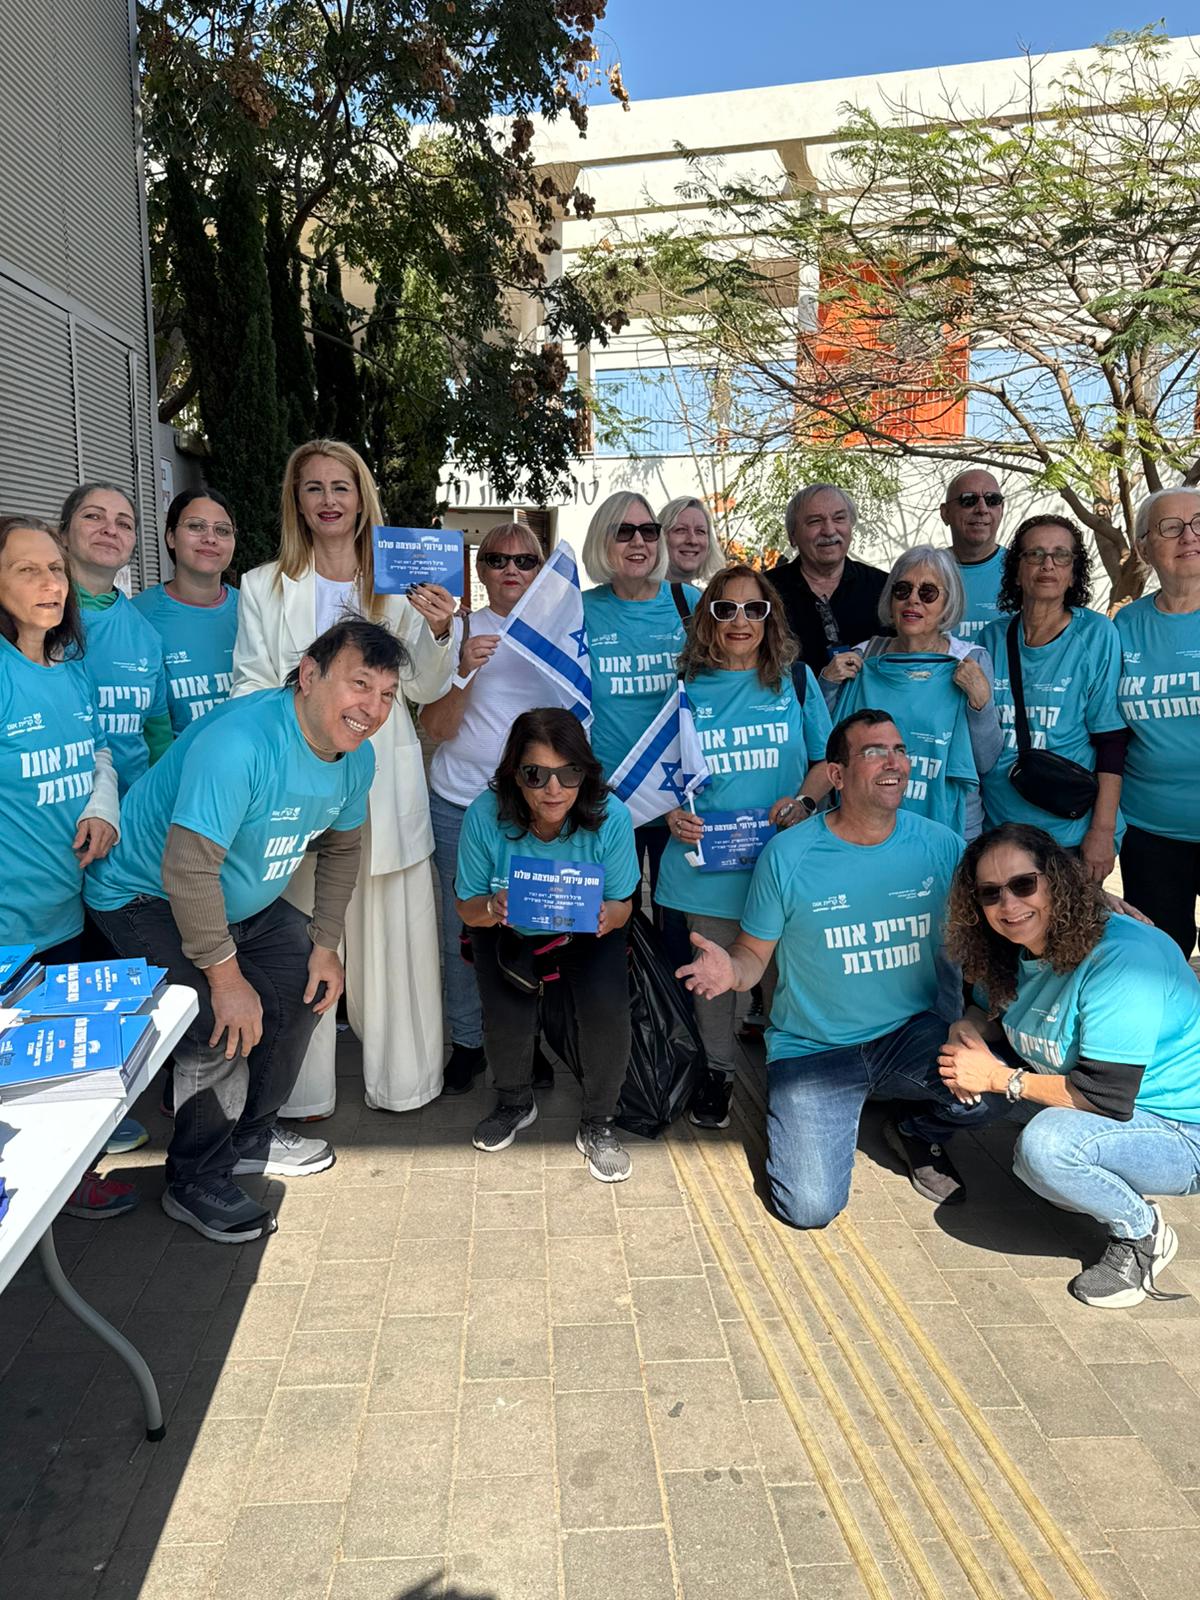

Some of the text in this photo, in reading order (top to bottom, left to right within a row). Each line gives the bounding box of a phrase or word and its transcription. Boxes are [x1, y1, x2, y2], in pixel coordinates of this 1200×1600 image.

[959, 620, 992, 637] יית
[598, 655, 632, 673] אונו
[170, 674, 211, 699] אונו
[1151, 671, 1200, 695] ריית
[98, 685, 151, 711] קריית
[98, 713, 141, 734] מתנד
[732, 722, 789, 746] קריית
[20, 738, 96, 779] ריית אונו
[704, 747, 779, 775] מתנדבת
[906, 754, 943, 780] קרי
[36, 770, 94, 807] תנדבת
[263, 834, 299, 858] אונו
[824, 912, 931, 949] קריית אונו
[842, 942, 921, 975] מתנדבת
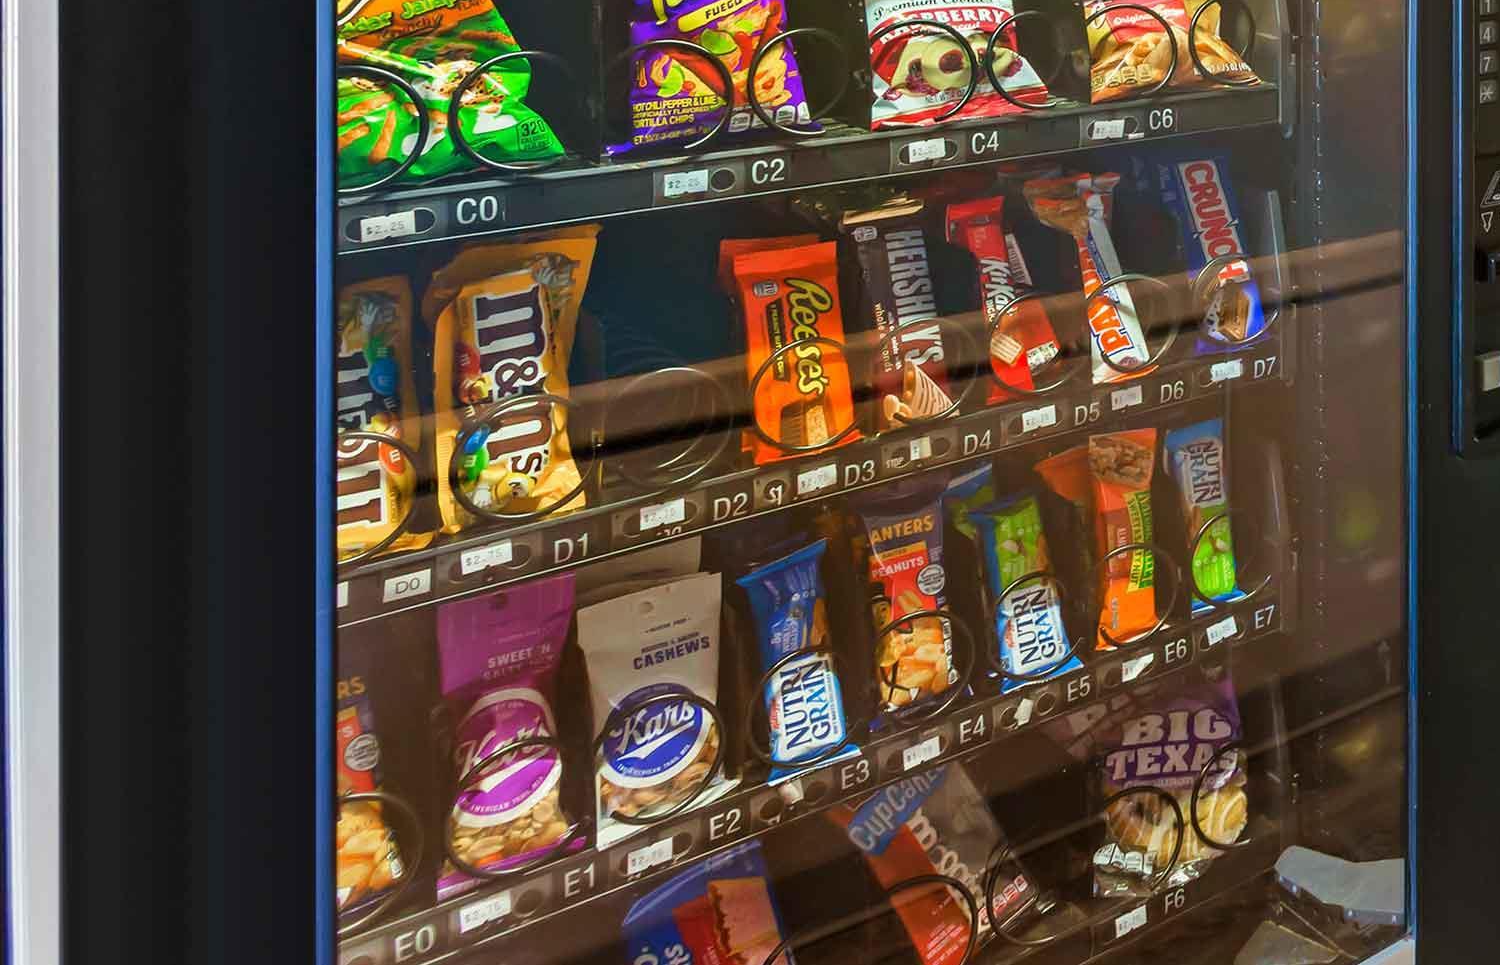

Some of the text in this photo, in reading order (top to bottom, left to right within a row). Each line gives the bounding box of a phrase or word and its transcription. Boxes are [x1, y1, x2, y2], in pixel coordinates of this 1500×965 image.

[1112, 12, 1155, 26] Origina
[662, 97, 693, 109] PEPPER
[520, 120, 545, 137] 320
[1149, 108, 1174, 130] C6
[971, 130, 1000, 155] C4
[751, 158, 785, 185] C2
[456, 195, 498, 225] C0
[1184, 159, 1249, 283] CRUNCH
[783, 277, 833, 396] Reese's
[880, 332, 892, 373] aonds
[1254, 356, 1277, 378] D7
[1160, 380, 1185, 404] D6
[1074, 402, 1100, 426] D5
[963, 428, 992, 456] D4
[844, 459, 875, 486] D3
[713, 492, 749, 522] D2
[870, 514, 935, 543] ANTERS
[554, 531, 590, 564] D1
[871, 555, 925, 578] PEANUTS
[395, 577, 421, 594] D0
[1011, 588, 1041, 667] NUTRI
[1031, 587, 1057, 659] GRAIN
[1254, 605, 1275, 629] E7
[488, 647, 534, 670] SWEET
[633, 635, 711, 671] CASHEWS
[1164, 638, 1188, 664] E6
[808, 660, 832, 740] GRAIN
[1066, 675, 1091, 702] E5
[785, 667, 808, 750] NUTRI
[959, 713, 986, 745] E4
[1121, 707, 1232, 747] BIG
[840, 759, 871, 791] E3
[1106, 740, 1240, 781] TEXAS
[708, 809, 742, 840] E2
[563, 863, 598, 897] E1
[1164, 892, 1185, 914] F6
[393, 926, 435, 963] E0

^^^^^^^^^^^^^^^^

### Exercise prompt:
Set the entries down again exactly. Do not include the images.

### The completed task:
Some of the text in this photo, in reading order (top to bottom, left to right within a row). Each line gives the bounding box of a phrase or word and its transcription. Boxes are [x1, y1, x2, y2], in pixel coordinates of this 1200×1600 image.

[959, 620, 992, 637] יית
[598, 655, 632, 673] אונו
[170, 674, 211, 699] אונו
[1151, 671, 1200, 695] ריית
[98, 685, 151, 711] קריית
[98, 713, 141, 734] מתנד
[732, 722, 789, 746] קריית
[20, 738, 96, 779] ריית אונו
[704, 747, 779, 775] מתנדבת
[906, 754, 943, 780] קרי
[36, 770, 94, 807] תנדבת
[263, 834, 299, 858] אונו
[824, 912, 931, 949] קריית אונו
[842, 942, 921, 975] מתנדבת

Some of the text in this photo, in reading order (top to bottom, left to right within a row). Each line gives the bounding box of a phrase or word and its transcription. Boxes are [x1, y1, x2, y2], in pixel coordinates of this 1500×965 image.

[1112, 12, 1155, 26] Origina
[662, 97, 693, 109] PEPPER
[520, 120, 545, 137] 320
[1149, 108, 1174, 130] C6
[971, 130, 1000, 155] C4
[751, 158, 785, 185] C2
[456, 195, 498, 225] C0
[1184, 159, 1249, 283] CRUNCH
[783, 277, 833, 396] Reese's
[880, 332, 892, 373] aonds
[1254, 356, 1277, 378] D7
[1160, 380, 1185, 404] D6
[1074, 402, 1100, 426] D5
[963, 428, 992, 456] D4
[844, 459, 875, 486] D3
[713, 492, 749, 522] D2
[870, 514, 935, 543] ANTERS
[554, 531, 590, 564] D1
[871, 555, 925, 578] PEANUTS
[395, 577, 421, 594] D0
[1011, 588, 1041, 667] NUTRI
[1031, 587, 1057, 659] GRAIN
[1254, 605, 1275, 629] E7
[488, 647, 534, 670] SWEET
[633, 635, 711, 671] CASHEWS
[1164, 638, 1188, 664] E6
[808, 660, 832, 740] GRAIN
[1066, 675, 1091, 702] E5
[785, 667, 808, 750] NUTRI
[959, 713, 986, 745] E4
[1121, 707, 1232, 747] BIG
[840, 759, 871, 791] E3
[1106, 740, 1240, 781] TEXAS
[708, 809, 742, 840] E2
[563, 863, 598, 897] E1
[1164, 892, 1185, 914] F6
[393, 926, 435, 963] E0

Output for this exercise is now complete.